After 4h, the skin has a TEWL value of 15.2 g/(m)²H) TEWL value of 10.3 g/(m) for the paint application²H) TEWL value of 12.8 g/(m) for the comparative coating example²·h)。

Anti-aging: skin wrinkle and skin roughness analysis

The test method comprises the following steps: 30 subjects with the age of 40-60 years are selected and randomly divided into 2 groups, the application example cream is applied twice a day to the experimental group, and the comparative example cream is applied twice a day to the control group. Skin wrinkles and skin roughness analysis were performed before using the samples, and 4 weeks and 8 weeks after using the samples.

VISIA-CR skin image analysis wrinkles, number of wrinkles: the reduction of the experimental group is 10.1% in 4 weeks, 1.4% in the control group, 17.9% in the experimental group in 8 weeks, and 2.9% in the control group. Wrinkle area: the reduction of the experimental group is 13.9% in 4 weeks, 2.0% in the control group, 19.7% in the experimental group in 8 weeks, and 3.2% in the control group.

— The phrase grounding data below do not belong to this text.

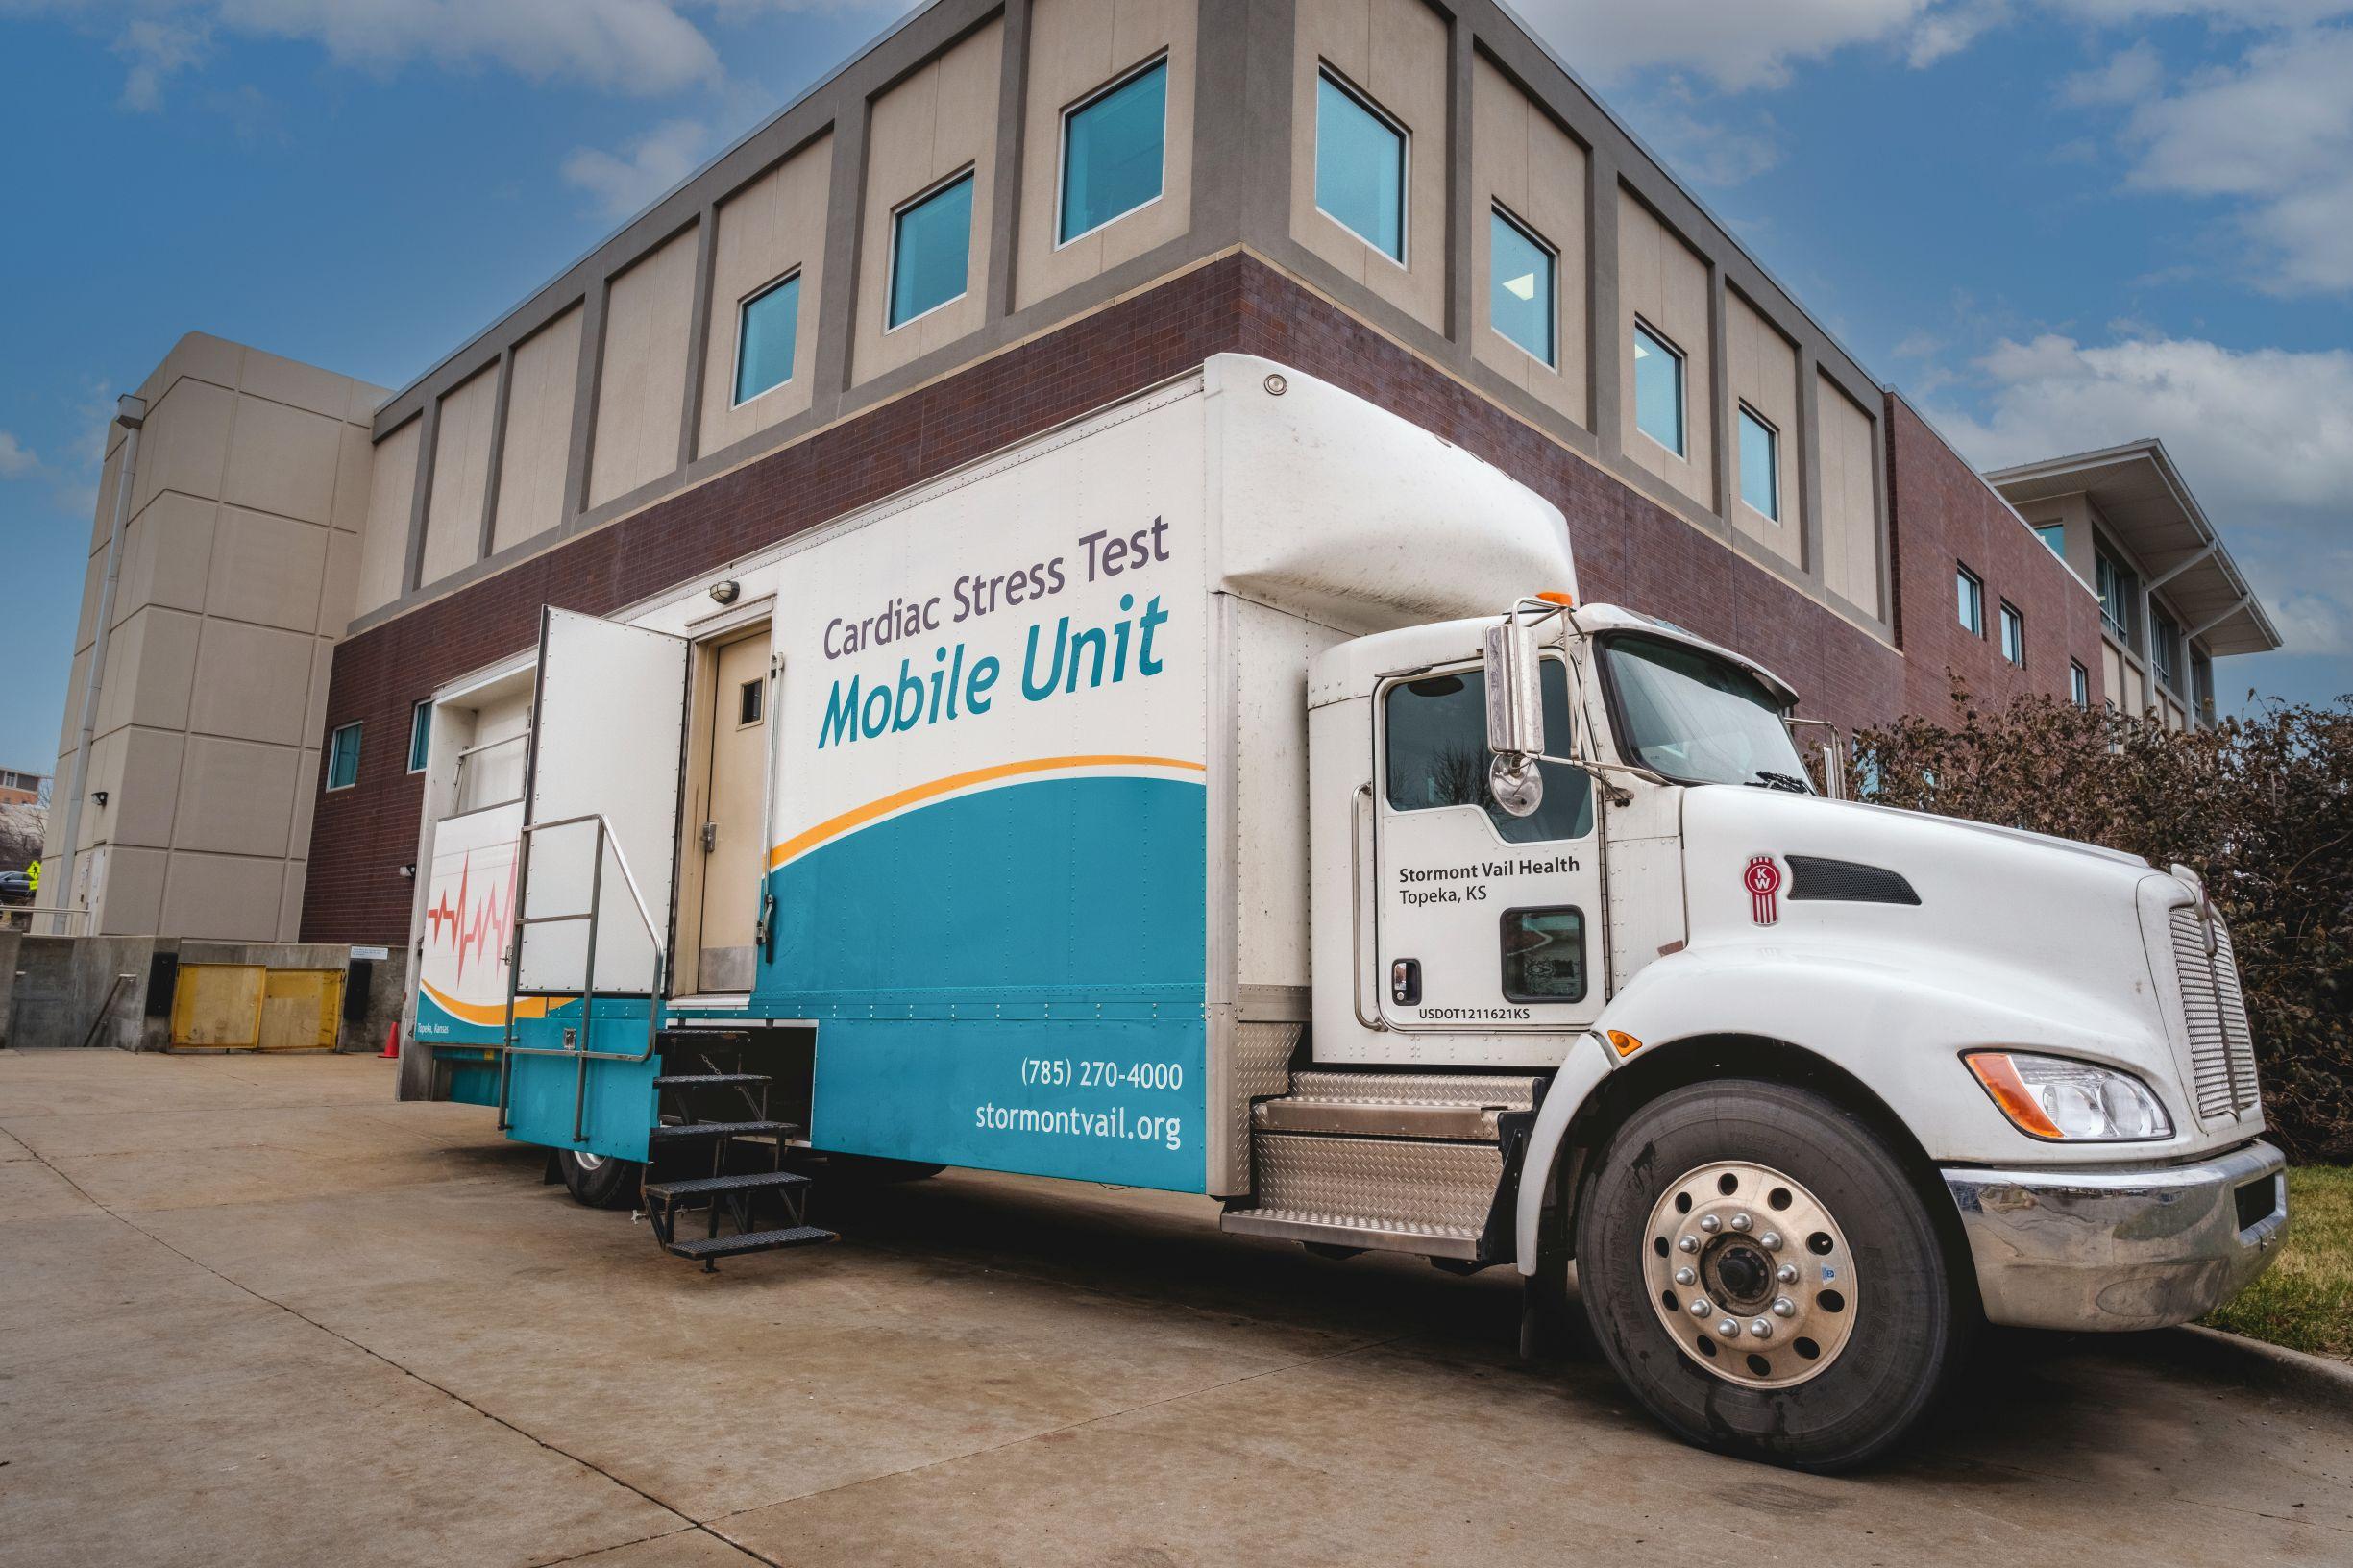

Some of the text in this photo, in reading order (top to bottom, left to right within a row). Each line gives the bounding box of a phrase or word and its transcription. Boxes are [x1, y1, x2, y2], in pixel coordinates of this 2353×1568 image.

[823, 515, 1170, 660] Cardiac Stress Test
[818, 594, 1169, 748] Mobile Unit
[1399, 856, 1580, 883] Stormont Vail Health
[1399, 885, 1487, 907] Topeka, KS
[1419, 1008, 1531, 1019] USDOT1211621KS
[417, 1023, 450, 1035] Topeka, Kansas
[1021, 1056, 1183, 1090] (785) 270-4000
[975, 1102, 1181, 1151] stormontvail.org

Skin roughness SEr analysis was performed by VisioScan VC20 Plus: 4 weeks: the experimental group is reduced by 12.8%, the control group is reduced by 5.4%, the experimental group is reduced by 20.7% in 8 weeks, and the control group is reduced by 7.3%.

Claims (4)

1. The flexible liposome with high ceramide load capacity is characterized by comprising the following components in parts by weight: 0.5-5 parts of bakuchiol; 6-10 parts of ceramide NP; 5-10 parts of lecithin; 15-40 parts of hexyldecanol; 0.5-3 parts of dipotassium glycyrrhizinate; 32 to 73 portions of water.

2. The high ceramide load flexible liposome of claim 1, which comprises the following components in parts by weight: 2 parts of bakuchiol; 8 parts of ceramide NP; 8 parts of lecithin; 30 parts of hexyldecanol; 1 part of dipotassium glycyrrhizinate; 51 parts of water.

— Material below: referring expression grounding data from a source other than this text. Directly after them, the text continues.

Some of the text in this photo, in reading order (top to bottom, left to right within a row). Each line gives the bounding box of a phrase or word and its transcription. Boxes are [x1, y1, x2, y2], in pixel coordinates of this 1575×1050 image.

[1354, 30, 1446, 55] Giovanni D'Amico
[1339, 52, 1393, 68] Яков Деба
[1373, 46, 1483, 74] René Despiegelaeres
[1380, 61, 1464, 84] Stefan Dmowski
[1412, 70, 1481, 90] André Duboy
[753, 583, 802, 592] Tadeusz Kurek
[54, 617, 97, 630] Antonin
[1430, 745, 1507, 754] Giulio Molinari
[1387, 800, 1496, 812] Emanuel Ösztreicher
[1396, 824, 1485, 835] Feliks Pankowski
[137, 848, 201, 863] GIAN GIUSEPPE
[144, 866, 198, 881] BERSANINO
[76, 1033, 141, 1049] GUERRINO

3. A method of preparing the flexible high ceramide load liposome of claim 1, comprising the steps of:

firstly, mixing bakuchiol, ceramide NP and lecithin to obtain a first mixture; adding hexyldecanol into the first mixture, heating to 50-85 ℃, and stirring for 25-35min to obtain an oil phase A;

secondly, ultrasonically dissolving the oil phase A for 20-40min under the conditions that the ultrasonic power is 300-;

thirdly, mixing dipotassium glycyrrhizinate with water, heating to 50-80 ℃, stirring for 10-30min to dissolve to obtain a water phase;

fourthly, adding the oil phase B into the water phase, and stirring for 10-30min to obtain a primary mixed solution; and (3) homogenizing and circulating the primary mixed solution for 3-10 times by using a high-pressure homogenizer at the conditions of 500-1500bar to obtain the flexible liposome with high ceramide load capacity.

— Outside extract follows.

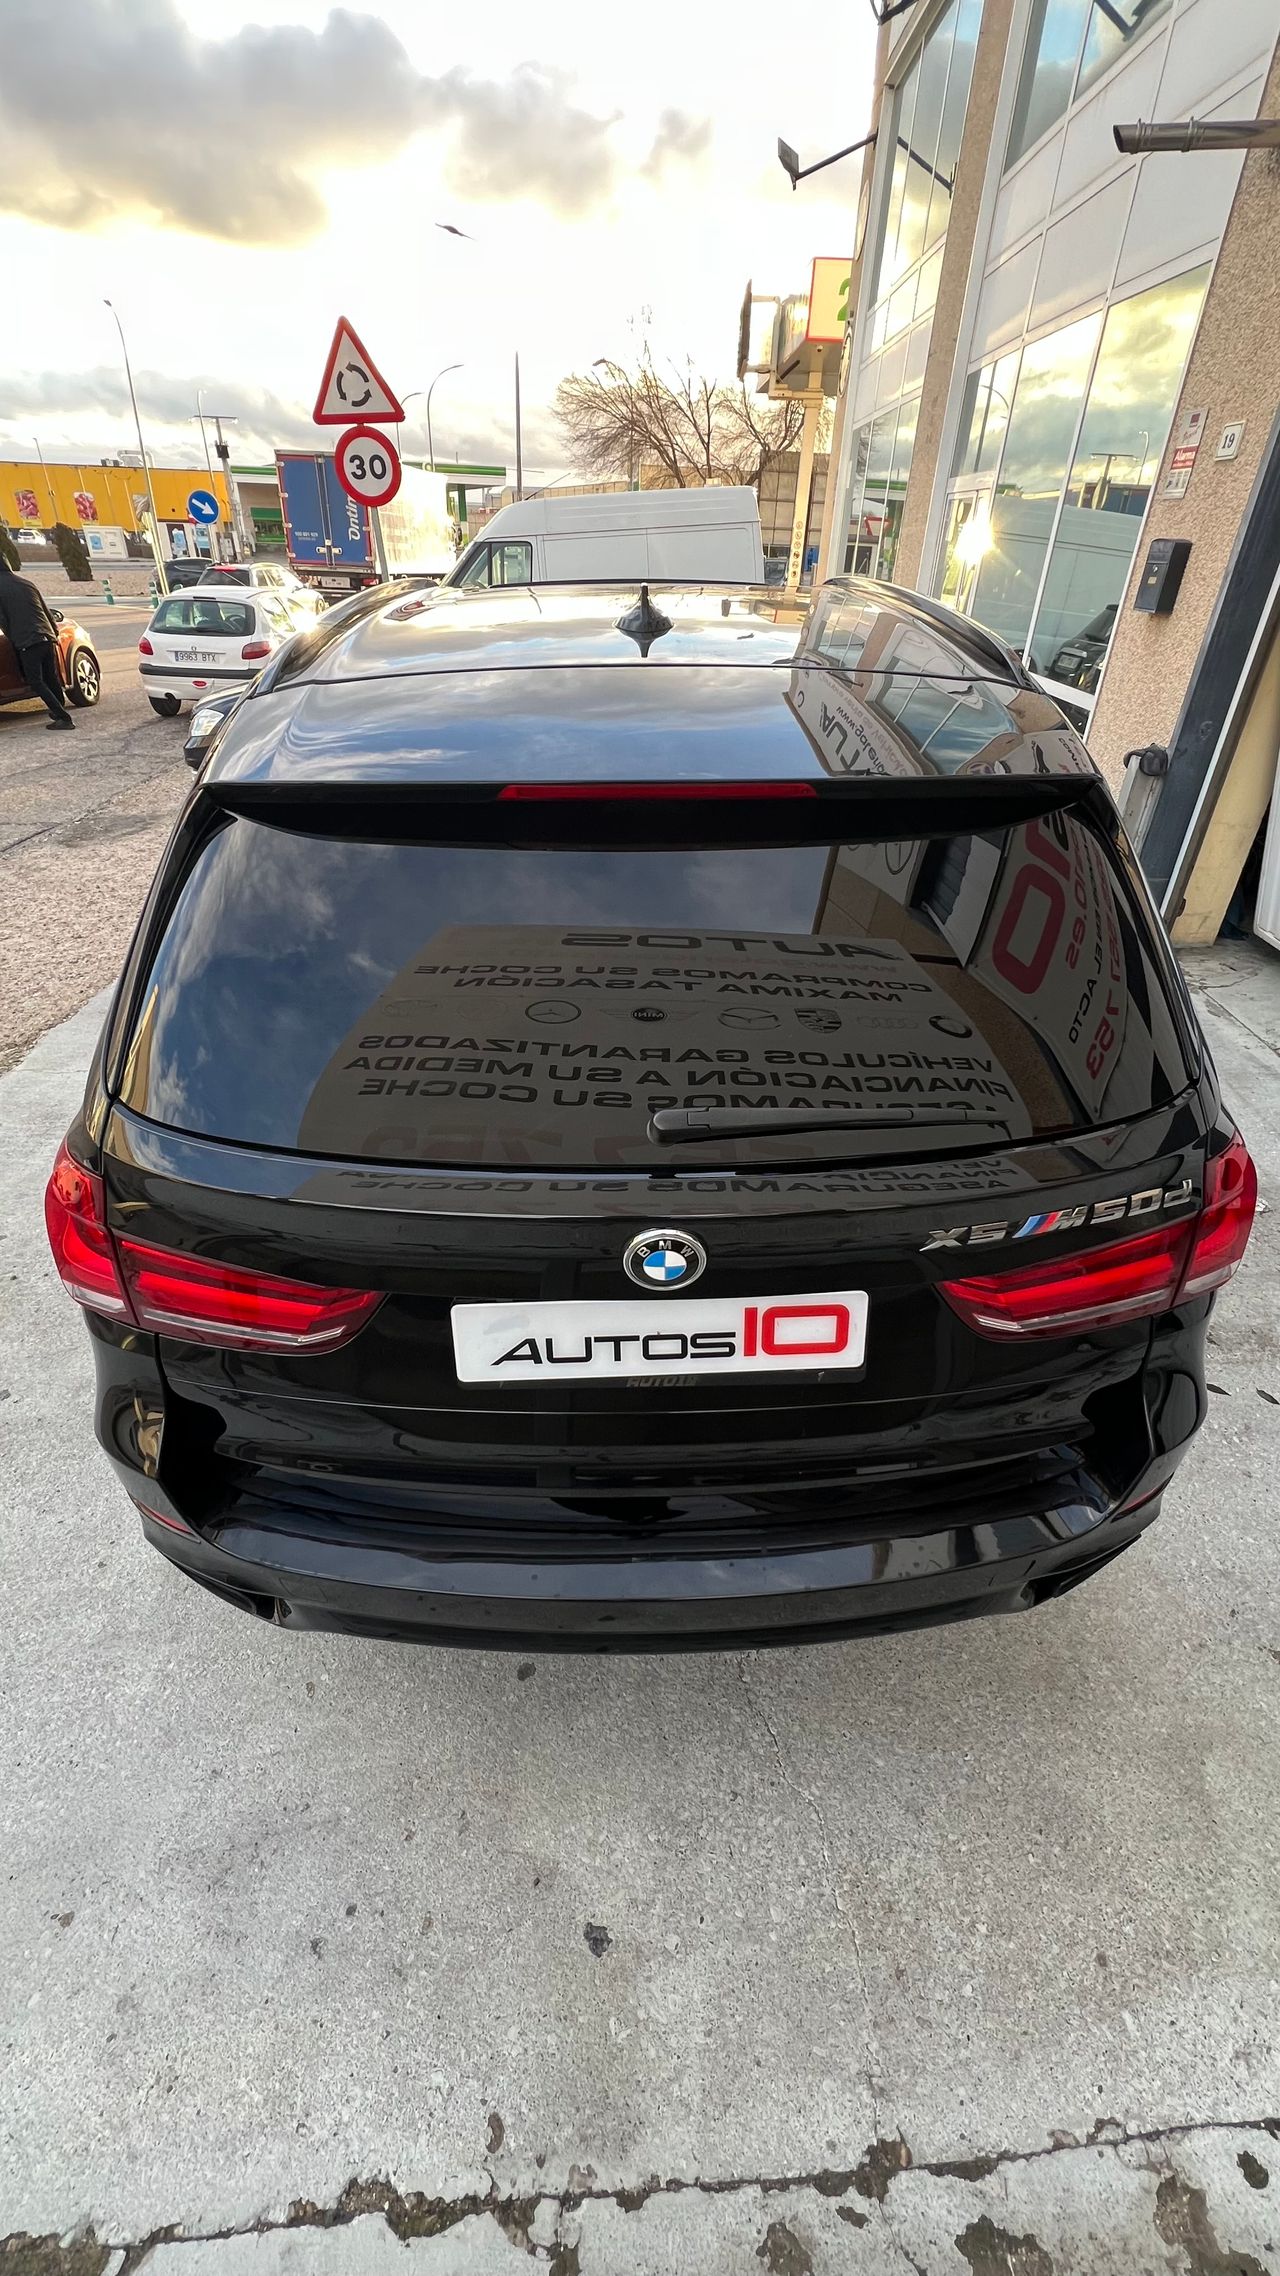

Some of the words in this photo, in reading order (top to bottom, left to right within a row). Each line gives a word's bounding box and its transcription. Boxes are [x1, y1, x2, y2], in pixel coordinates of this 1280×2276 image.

[1221, 432, 1236, 450] 19
[349, 453, 388, 481] 30
[636, 1238, 696, 1259] BMW
[919, 1221, 1009, 1252] X5

4. The method for preparing the flexible liposome with high ceramide load according to claim 3, which is characterized by comprising the following steps:

firstly, mixing bakuchiol, ceramide NP and lecithin to obtain a first mixture; adding hexyldecanol into the first mixture, heating to 75 ℃, and stirring for 30min to obtain an oil phase A;

secondly, ultrasonically dissolving the oil phase A for 30min under the conditions that the ultrasonic power is 500W, the frequency is 45KHz and the water bath temperature is 75 ℃ to obtain an oil phase B;

thirdly, mixing dipotassium glycyrrhizinate with water, heating to 75 ℃, stirring for 20min to dissolve, and obtaining a water phase;

fourthly, adding the oil phase B into the water phase, and stirring for 20min to obtain a primary mixed solution; and (3) homogenizing and circulating the primary mixed solution for 5 times by using a high-pressure homogenizer at 800bar to obtain the flexible liposome with high ceramide load capacity.